Bangkok – Perenang putri Indonesia, Masniari Wolf, sukses mengukir sejarah di SEA Games 2025 Thailand. Ia tidak hanya menyabet medali emas ketiganya secara beruntun di nomor 50 meter gaya punggung putri, tetapi juga memecahkan rekor nasional dengan catatan waktu fantastis 28,80 detik.
Kemenangan ini diraih Masniari di Swimming Pool, Sports Authority of Thailand, Bangkok, pada Kamis, 11 Desember 2025. Catatan waktunya melampaui rekor nasional sebelumnya, 28,86 detik, yang dipegang oleh sesama perenang Indonesia, Flairene Candrea.
Dominasi Masniari menempatkan Saovanee Boonamphai dari Thailand di posisi kedua dengan 28,84 detik, meraih perak. Medali perunggu menjadi milik Kayla Noelle Sanchez dari Filipina, sementara wakil Indonesia lainnya, Flairene Candrea, finis keempat dengan 28,98 detik.
Emas di Thailand 2025 ini sekaligus melengkapi hat-trick Masniari di ajang multievent Asia Tenggara.
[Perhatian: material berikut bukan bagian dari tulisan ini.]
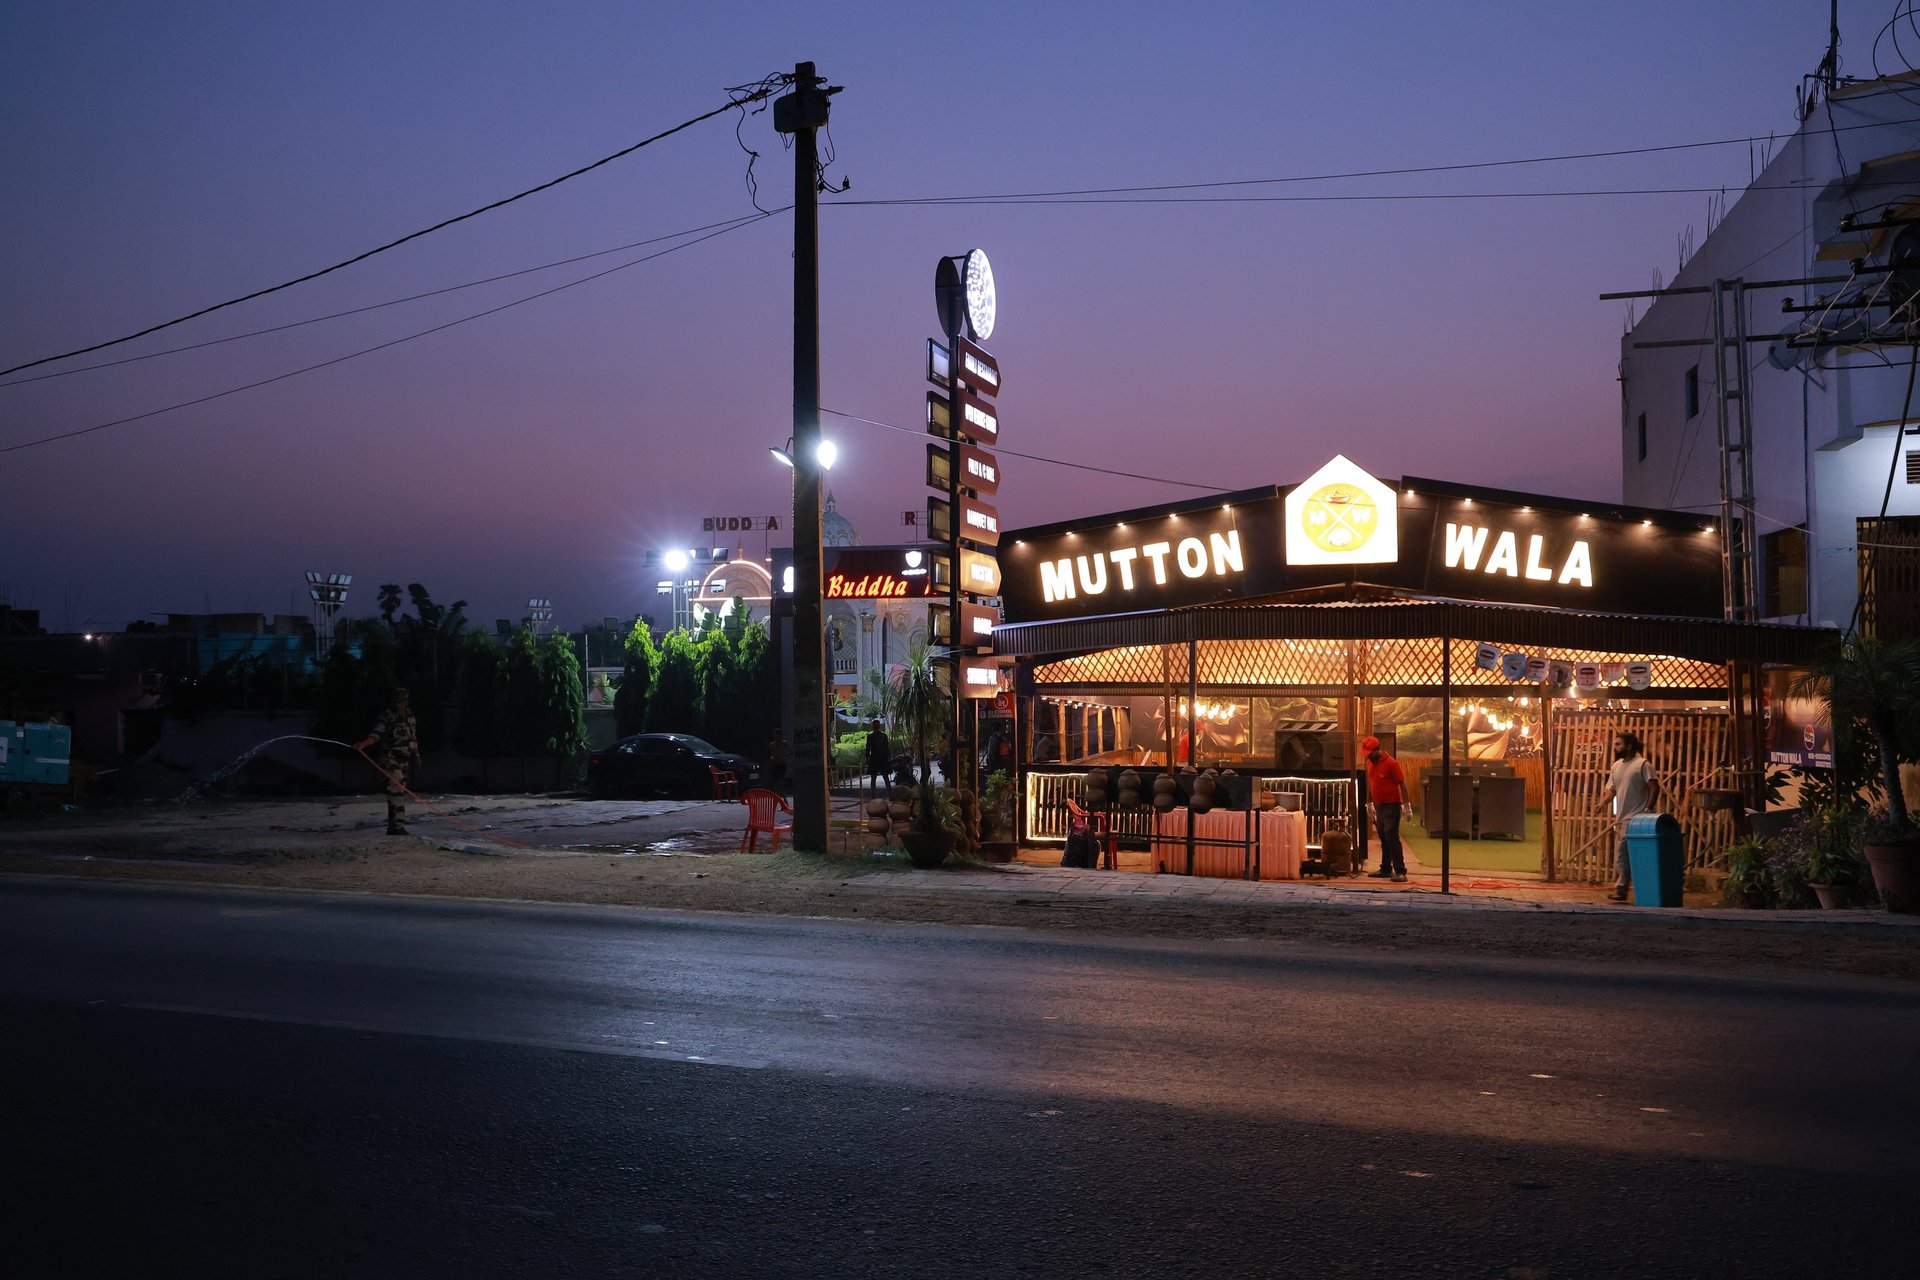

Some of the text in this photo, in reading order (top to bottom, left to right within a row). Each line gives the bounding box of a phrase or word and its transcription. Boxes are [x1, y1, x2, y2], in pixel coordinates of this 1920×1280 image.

[1310, 508, 1371, 525] M W
[1040, 522, 1594, 604] MUTTON WALA
[827, 575, 908, 598] Buddha
Ia pertama kali meraih emas pada debutnya di SEA Games Vietnam 2021 dengan waktu 29,21 detik, mengakhiri paceklik emas Indonesia di nomor ini sejak 2011. Dua tahun berselang di Kamboja, Masniari berhasil mempertahankan gelarnya dengan 28,89 detik.
Perjalanan Masniari menuju puncak dominasi renang gaya punggung Asia Tenggara tidaklah instan. Di balik deretan angka prestasinya, ada kisah seorang atlet yang tumbuh jauh dari Tanah Air, namun memilih identitas Merah Putih untuk berkiprah.
Lahir dan besar di Jerman dari keluarga berdarah Batak-Jerman, Masniari mulai mengenal renang pada usia 11 tahun. Awalnya, renang hanyalah aktivitas mingguan yang menyenangkan. Namun, tawaran berlatih lebih intens dari seorang pelatih klub di level lebih tinggi mengubah segalanya.
“Saya sudah berenang hampir sepanjang hidup saya. Dulu, sebagai anak kecil, saya berenang karena menyenangkan. Lalu ada pelatih yang datang menawarkan saya naik level,” ujar Masniari. Meskipun sempat ragu dengan tekanan latihan, ia kemudian menerima tawaran tersebut, yang terbukti menjadi keputusan tepat.
Latihan intens di Wiesbaden hingga Frankfurt membentuk karakter kompetitifnya. Pelatih melihat potensi terbesarnya pada gaya punggung, meski Masniari sempat ingin fokus di gaya bebas. “Saya sempat mau fokus freestyle, tapi pelatih menyarankan backstroke karena melihat kecepatan saya,” katanya.
Pilihan tersebut terbukti jitu. Emas perdananya di Vietnam mencuatkan namanya di publik akuatik Indonesia, dan emas di Kamboja mengukuhkan statusnya sebagai perenang papan atas. “Saya pikir emas di Kamboja sangat berkesan. Saya fokus mengembangkan kemampuan menjelang SEA Games,” tambahnya.
Setelah mengukuhkan dominasinya di kawasan Asia Tenggara, Masniari kini menatap target yang lebih ambisius: Asian Games Aichi–Nagoya 2026 dan Olimpiade Los Angeles 2028. Untuk itu, ia berencana meningkatkan volume latihannya secara drastis.
“Setelah SEA Games ini saya akan berenang banyak kilometer, mungkin tujuh sampai delapan kilometer, dua kali sehari selama beberapa bulan,” jelasnya, menegaskan fokus pada peningkatan fisik dan daya tahan.
Masniari juga menyampaikan apresiasi kepada pemerintah, Kementerian Pemuda dan Olahraga, PB Akuatik Indonesia, serta klub JAQ Aquatics yang tak henti mendukung perjalanan kariernya.
Di usianya yang baru 20 tahun, dengan rekam jejak yang terus menanjak, disiplin tinggi, dan ambisi untuk melangkah lebih jauh, masa depan ratu gaya punggung Indonesia ini diprediksi akan semakin cemerlang di panggung renang internasional.